A Minty cheetah said:


> And they moo!!!
> (Sorry, I love that fact!)



*happy moo*


----------



## Deleted member 82554 (Jun 10, 2019)

The one I use here is mostly an avatar, more or less. My main one is to open to discrimination so I don't bother using it here.


----------



## The Matte-Black Cat (Jun 10, 2019)

My true self, but as a panther..

Irl, I don't really act as I would genuinely because people are so odd and love to judge you before Actually getting to know you..


----------



## Viiburnum (Jun 10, 2019)

A Minty cheetah said:


> And they moo!!!
> (Sorry, I love that fact!)



They moo? xD
That's awesome!!! 

__________________

Thanks to everyone who posted so far! I love reading about your fursonas <3
It reminds me that I need to develop mine's backstory a little more :3c


----------



## Viiburnum (Jun 10, 2019)

The Matte-Black Cat said:


> My true self, but as a panther..
> 
> Irl, I don't really act as I would genuinely because people are so odd and love to judge you before Actually getting to know you..




That's a neat idea — I'll need to think about that when developing my characters more. I have a human sona that represents me pretty closely, but identity is something I'm still figuring out for myself ^^


----------



## A Minty cheetah (Jun 10, 2019)

Viiburnum said:


> They moo? xD
> That's awesome!!!
> 
> __________________
> ...


@ConorHyena alerted me to this fact, and it's true! They sound like happy little cows! :3


----------



## Keefur (Jun 10, 2019)

Cutter Cat the Sabertooth is my fursuit fursona.  He hasn't changed since I joined the Fandom.  He is a goofy Sabertooth that fell a tar pit and was excavated 10,000 years later.  He loves to hunt in elevators because prey can't run.  He talks and loves hugs, because hugs are golden opportunities for lazy predators!


----------



## Deathless (Jun 10, 2019)

My OC Deathless is mostly a direct representation of my personality. I kind of use her to express myself in ways I can't IRL. She's my first fursona and I love her to death. If I'm into a character or game, I'll give her the outfit of my latest interest, or interact with different characters via art and/or stories. She has my likes and dislikes, hobbies, and personality! (She's also an aspiring rock star because so am I haha!)
Like I said before, I use outfits from characters and people I love and have that as her main outfit until I eventually change it!

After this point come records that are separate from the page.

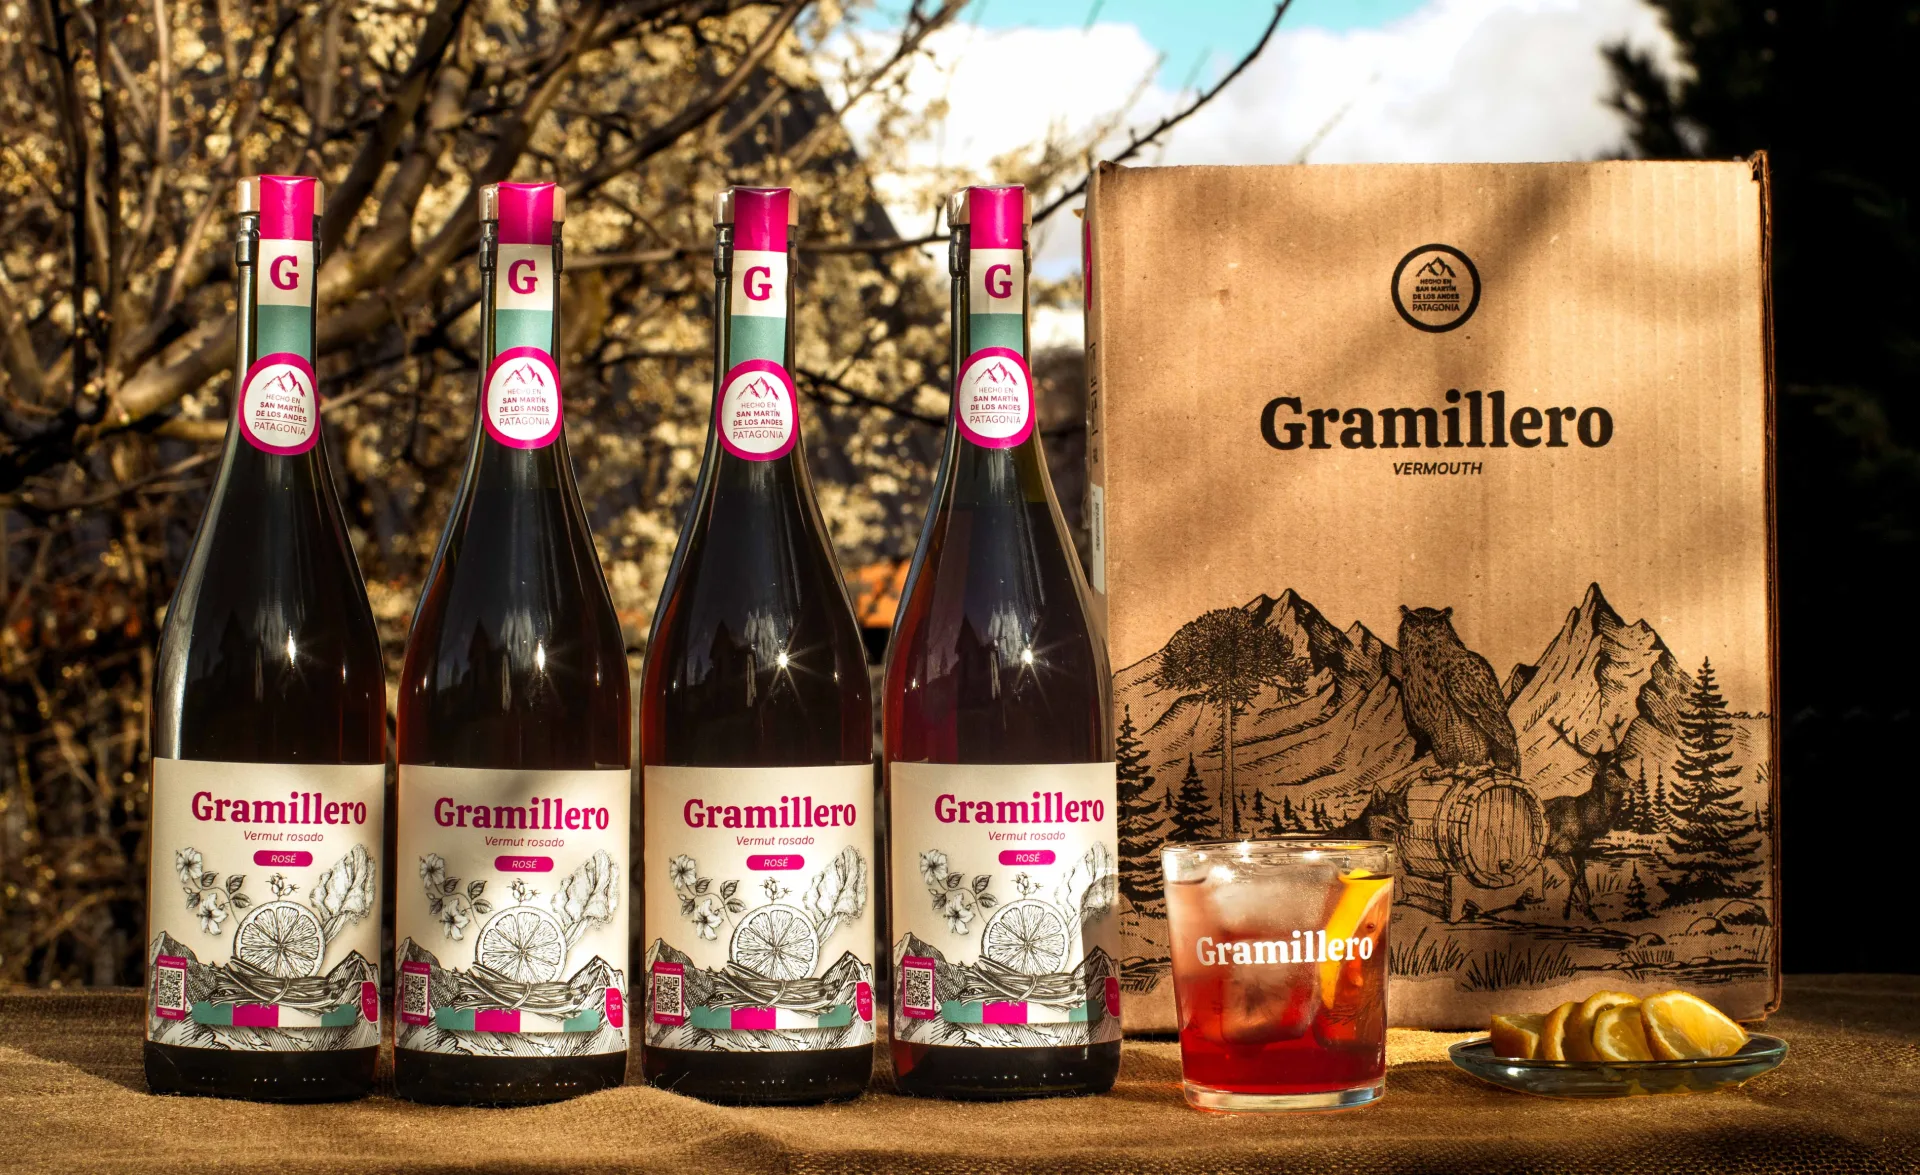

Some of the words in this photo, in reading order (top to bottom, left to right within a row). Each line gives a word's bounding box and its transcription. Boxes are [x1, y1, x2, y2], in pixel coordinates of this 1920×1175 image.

[270, 256, 300, 290] G
[508, 259, 538, 294] G
[743, 266, 773, 301] G
[984, 264, 1012, 299] G
[1412, 303, 1460, 312] PATAGONIA
[266, 393, 290, 402] HECHO
[283, 413, 307, 422] ANDES
[500, 416, 550, 426] PATAGONIA
[970, 414, 1021, 424] PATAGONIA
[1260, 388, 1614, 450] Gramillero
[254, 422, 306, 436] PATAGONIA
[732, 430, 784, 439] PATAGONIA
[1393, 462, 1482, 476] VERMOUTH
[192, 791, 366, 824] Gramillero
[434, 797, 610, 830] Gramillero
[684, 796, 857, 828] Gramillero
[934, 792, 1104, 824] Gramillero
[244, 830, 283, 842] Vermut
[286, 832, 324, 842] rosado
[736, 836, 775, 846] Vermut
[778, 835, 814, 846] rosado
[988, 830, 1028, 841] Vermut
[1030, 830, 1066, 841] rosado
[485, 836, 524, 846] Vermut
[528, 838, 564, 848] rosado
[270, 854, 297, 864] ROSÉ
[512, 858, 538, 869] ROSÉ
[764, 857, 788, 868] ROSÉ
[1016, 852, 1040, 863] ROSÉ
[1196, 930, 1373, 966] Gramillero

Spoiler: Different Outfits She's Had


----------



## Viiburnum (Jun 10, 2019)

@Keefur  - What a fun idea for a sona! <3

@Deathless - I do that a lot with my OCs too... or I just make a new fan character, haha! I love your OC's rocker outfit! ^0^


----------



## roachparade (Jun 11, 2019)

a mix of both! xanthe (see my icon for his appearance) has the same personality as me, and i do use him to represent me, but there's also an element of fantasy such as his draconic features like his wings, electricity powers, ect. admittedly, the dragon part comes from otherkin stuff, but i don't enjoy drawing scalies much so i mixed him with cats, which i do love to draw. though people have likened me to cats before. so the species is simultaneously just for drawing and spiritual.

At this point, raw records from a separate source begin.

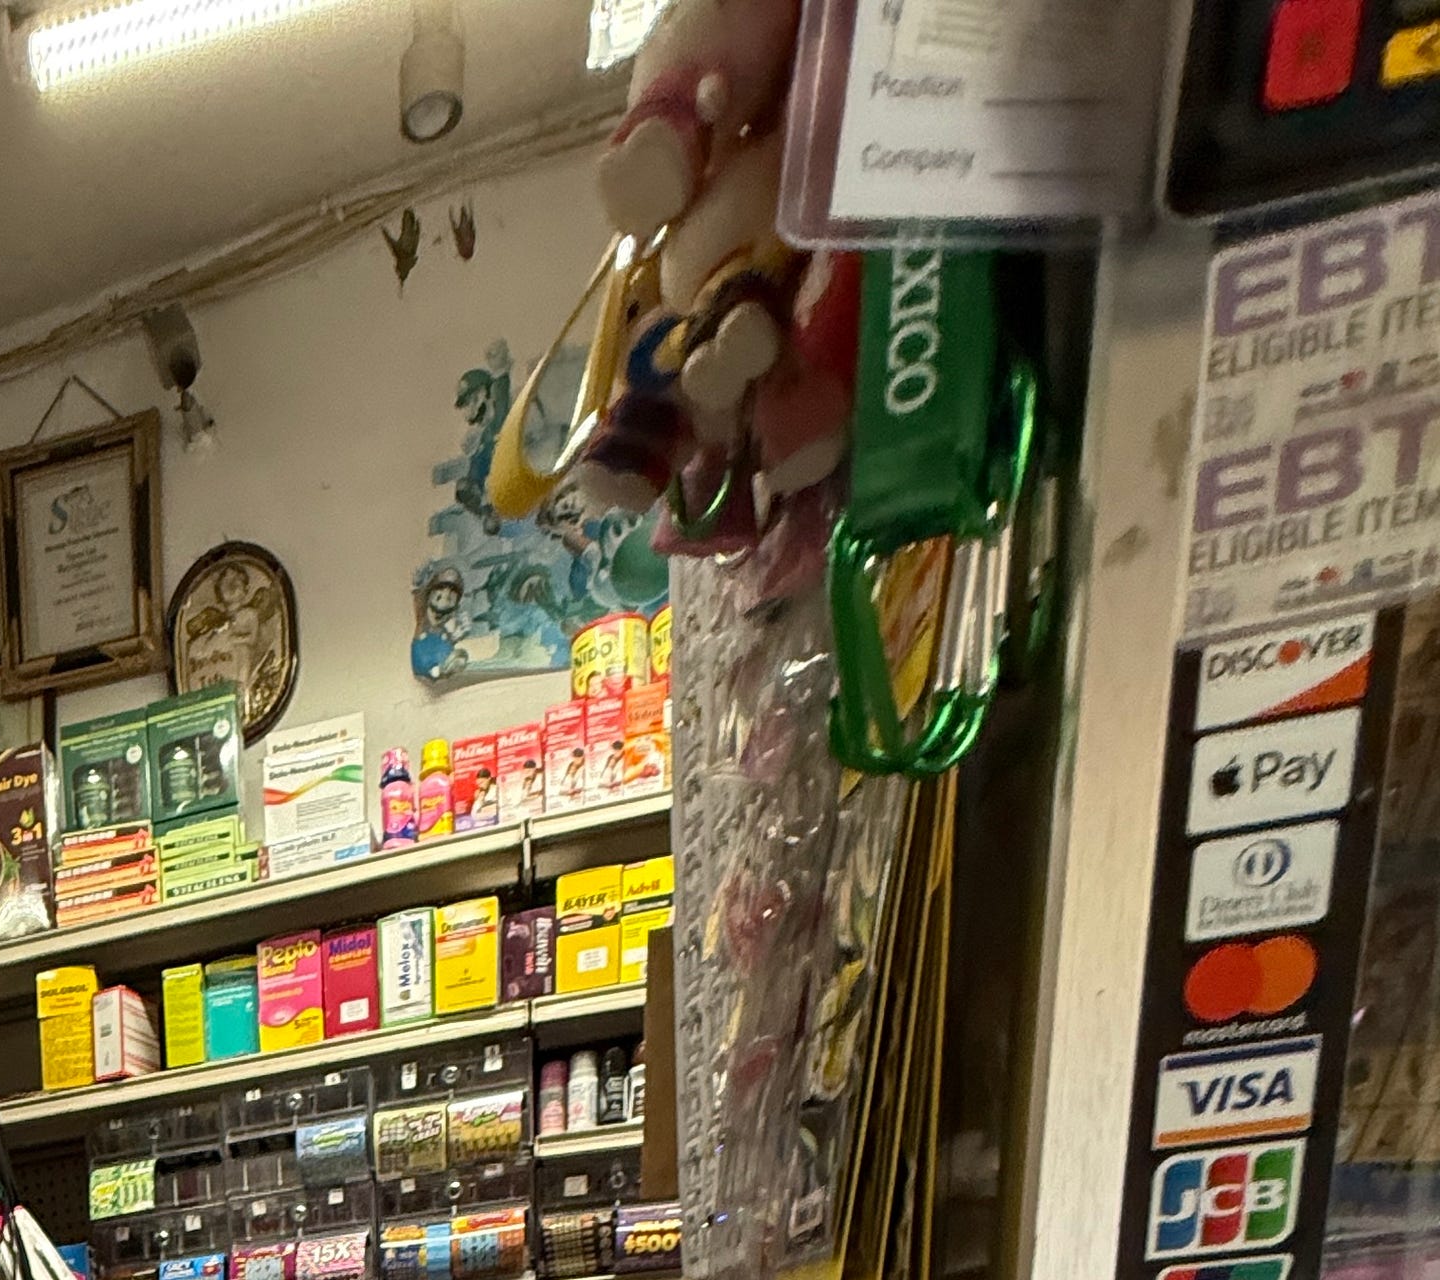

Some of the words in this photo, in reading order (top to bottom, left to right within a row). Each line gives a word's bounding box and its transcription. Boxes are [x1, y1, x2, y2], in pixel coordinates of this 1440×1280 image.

[1379, 290, 1440, 341] ITE
[1194, 400, 1440, 534] EBT
[1189, 504, 1350, 577] ELIGIBLE
[1355, 487, 1440, 537] ITEM
[1207, 620, 1365, 682] DISCOVER
[13, 771, 39, 790] Dye
[1252, 747, 1340, 794] Pay
[259, 937, 318, 967] Pepto
[328, 933, 372, 957] Midol
[1180, 1065, 1295, 1117] VISA
[1155, 1177, 1288, 1223] JCB

as for the aesthetic, i don't look like that in real life, though i tend to dress him similarly to my own fashion (minus the gakuran outfit i draw him in, which is a cosplay i've always wanted to do but never had the appearance to pull off, it gives me a similar satisfaction i guess). there's definitely an element of him being an aesthetic i prefer. so i guess its easy to just say he's mostly a partial representation.

i do have a second fursona too, cheren. (see here for pictures of him cheren on Toyhouse )
his purpose was more unique. while death's head cockroaches are one of the animals i most associate with myself, more than cats, his existence was simply as a website mascot. for a while, i worked on a personal website project based around insects, so it seemed right to make a little cockroach guy to represent myself on there. i ended up scrapping it, but i loved him enough to keep him, so now he just serves as an alternate representation for if i want to draw obnoxiously rainbow things.


----------



## Viiburnum (Jun 11, 2019)

roachparade said:


> a mix of both! xanthe (see my icon for his appearance) has the same personality as me, and i do use him to represent me, but there's also an element of fantasy such as his draconic features like his wings, electricity powers, ect. admittedly, the dragon part comes from otherkin stuff, but i don't enjoy drawing scalies much so i mixed him with cats, which i do love to draw. though people have likened me to cats before. so the species is simultaneously just for drawing and spiritual.
> 
> as for the aesthetic, i don't look like that in real life, though i tend to dress him similarly to my own fashion (minus the gakuran outfit i draw him in, which is a cosplay i've always wanted to do but never had the appearance to pull off, it gives me a similar satisfaction i guess). there's definitely an element of him being an aesthetic i prefer. so i guess its easy to just say he's mostly a partial representation.
> 
> ...



That's really interesting — I've never seen a roachsona before QuQ
If I may ask, why do you associate yourself most with cockroaches? What characteristics do you have in common? ^^

I love the draconic feathers on Xanthe! I'm a fan of dragon mixes... just made one myself last week! (although I had her planned for at least a month now, haha)


----------



## MaetheDragon (Jun 12, 2019)

As for me, I guess you can say that Mae is everything I want to be! She’s shy more often than not, like me, but without all my negative baggage. She’s a beardie who’s very sweet and kind, and always willing to admit her mistakes when she can. In other words, she’s humble, too! I’d like to think that I can be the same as her, and let down the walls I constantly seem to build up around myself.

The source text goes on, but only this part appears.